- **About this exercise**: The reply should be the records repeated exactly, without any images.

##### Data supplied

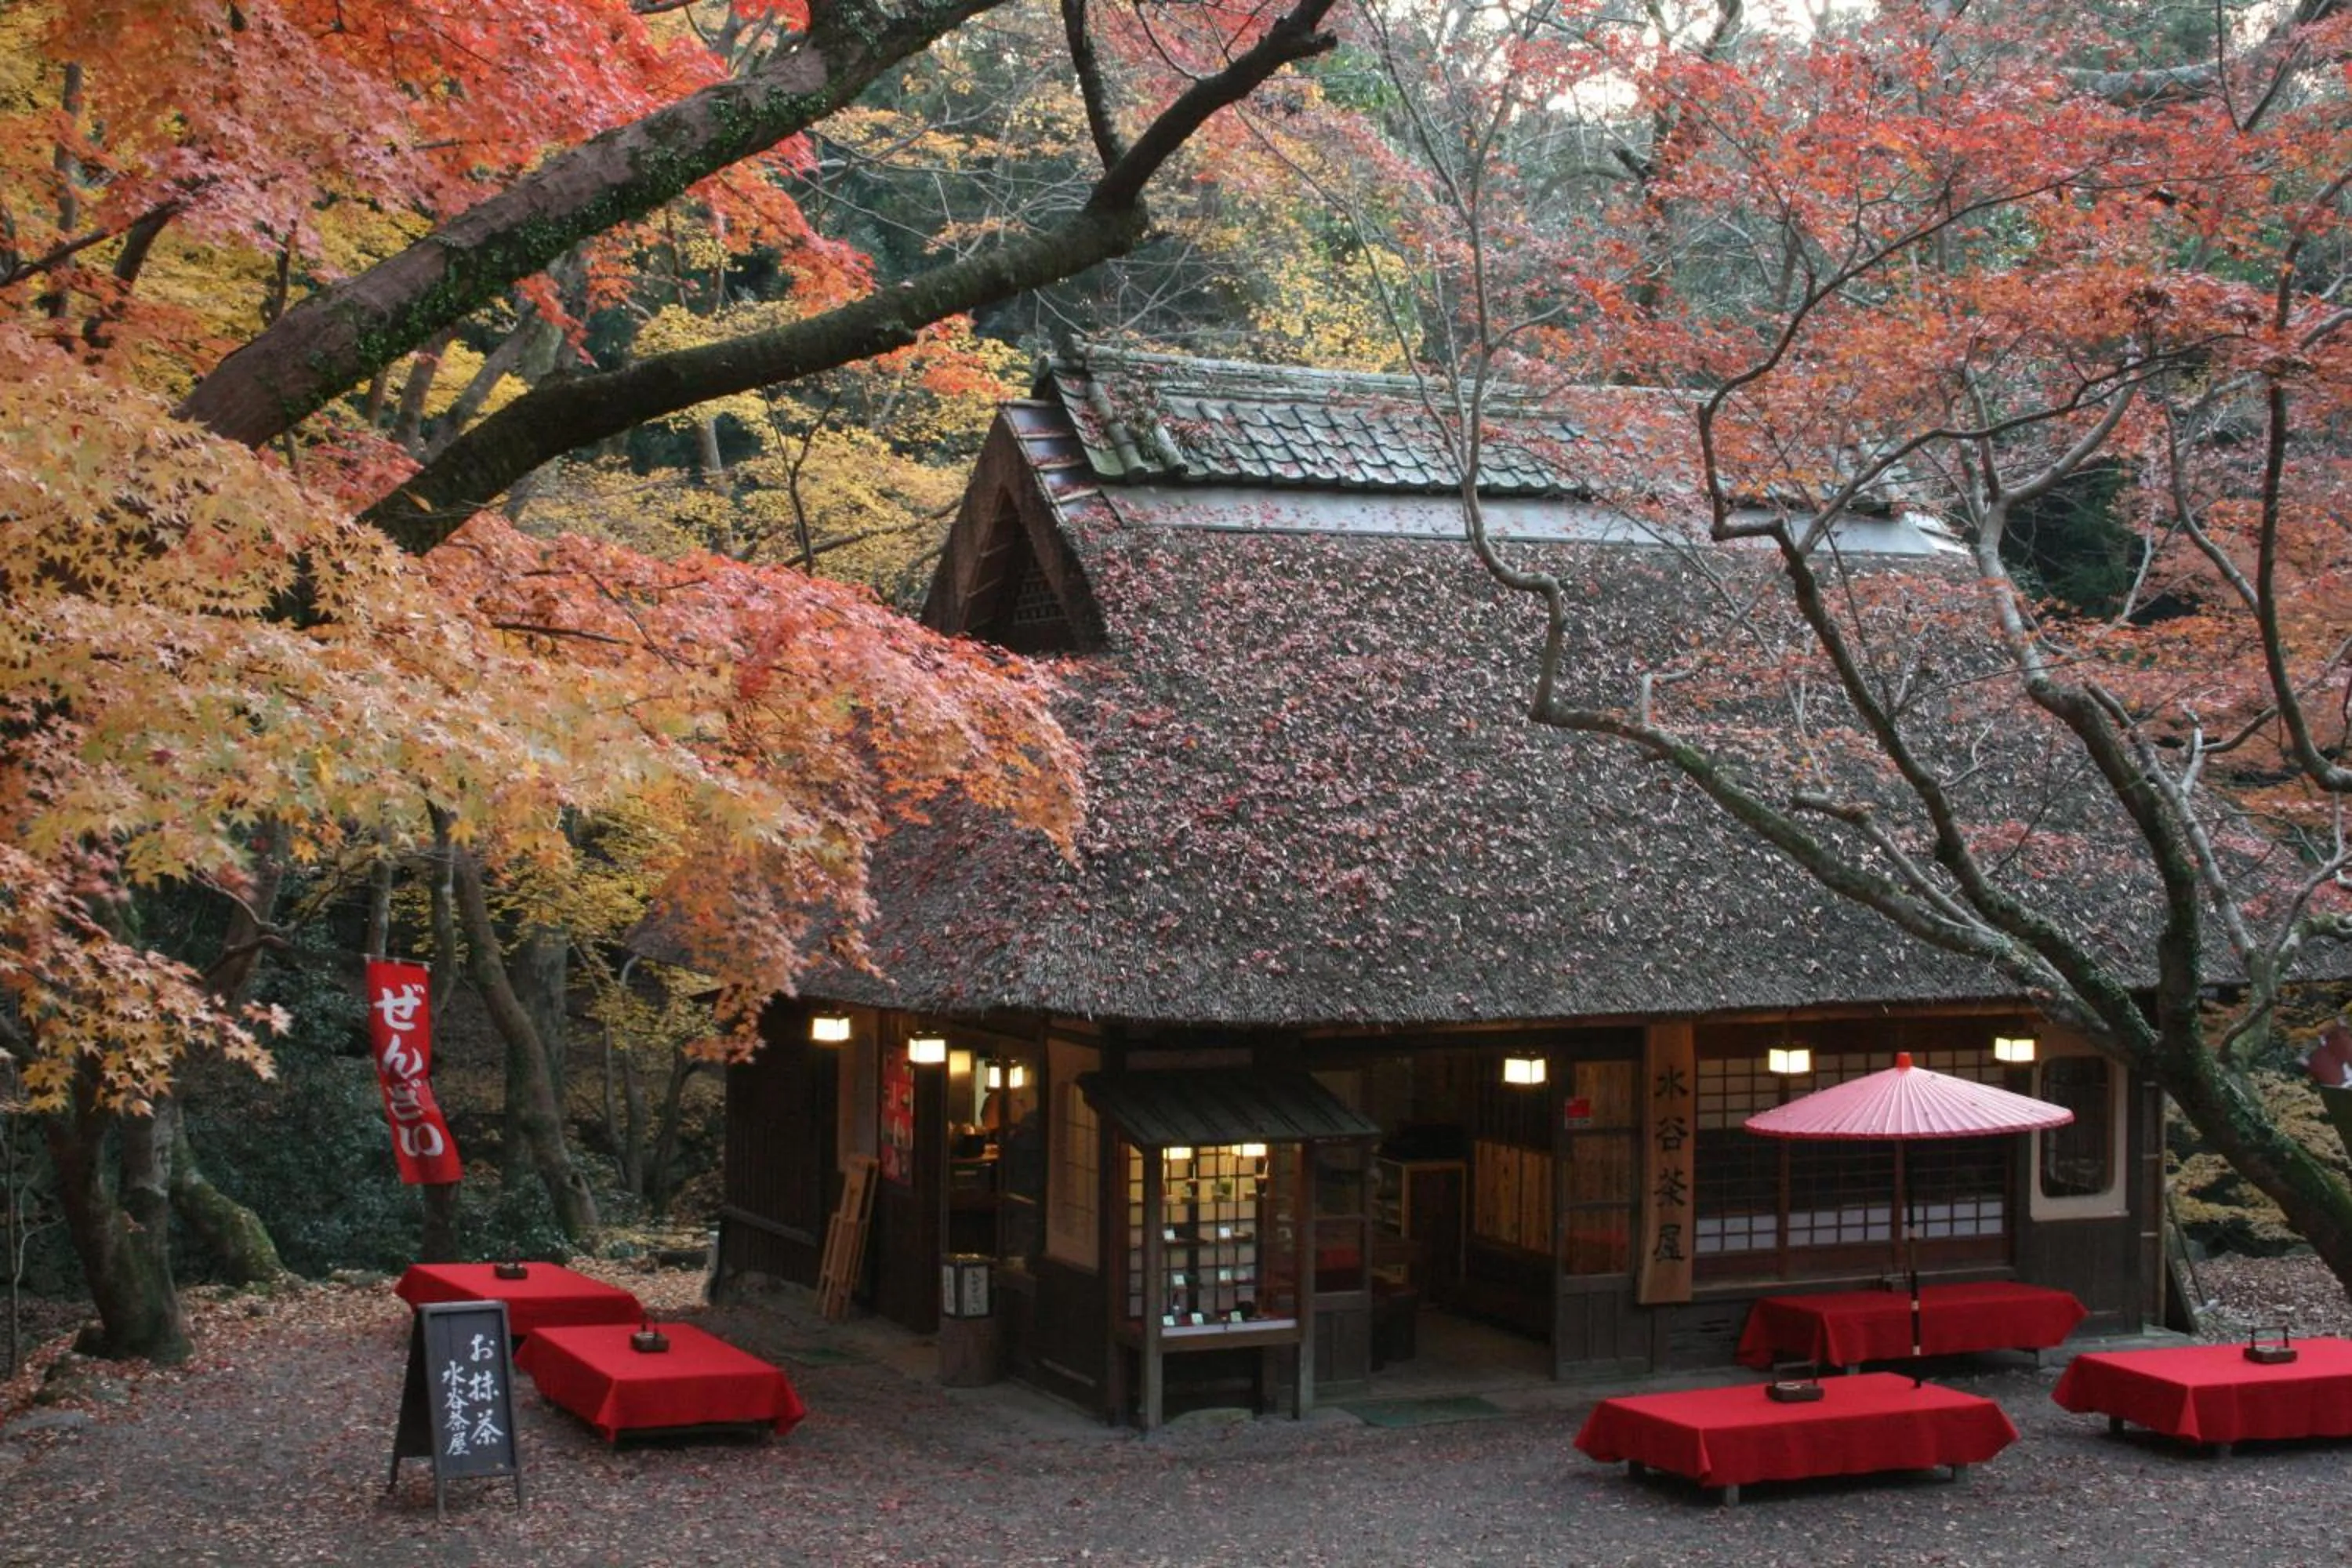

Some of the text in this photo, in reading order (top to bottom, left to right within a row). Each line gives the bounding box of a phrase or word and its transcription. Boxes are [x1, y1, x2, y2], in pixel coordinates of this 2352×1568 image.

[373, 983, 445, 1157] ぜんざい
[1653, 1064, 1689, 1262] 水谷茶屋
[441, 1360, 471, 1457] 水谷茶屋
[467, 1333, 506, 1446] お抹茶

##########

- **Solution for this task**:
Some of the text in this photo, in reading order (top to bottom, left to right within a row). Each line gives the bounding box of a phrase or word and its transcription. Boxes are [x1, y1, x2, y2], in pixel coordinates of this 2352×1568 image.

[373, 983, 445, 1157] ぜんざい
[1653, 1064, 1689, 1262] 水谷茶屋
[441, 1360, 471, 1457] 水谷茶屋
[467, 1333, 506, 1446] お抹茶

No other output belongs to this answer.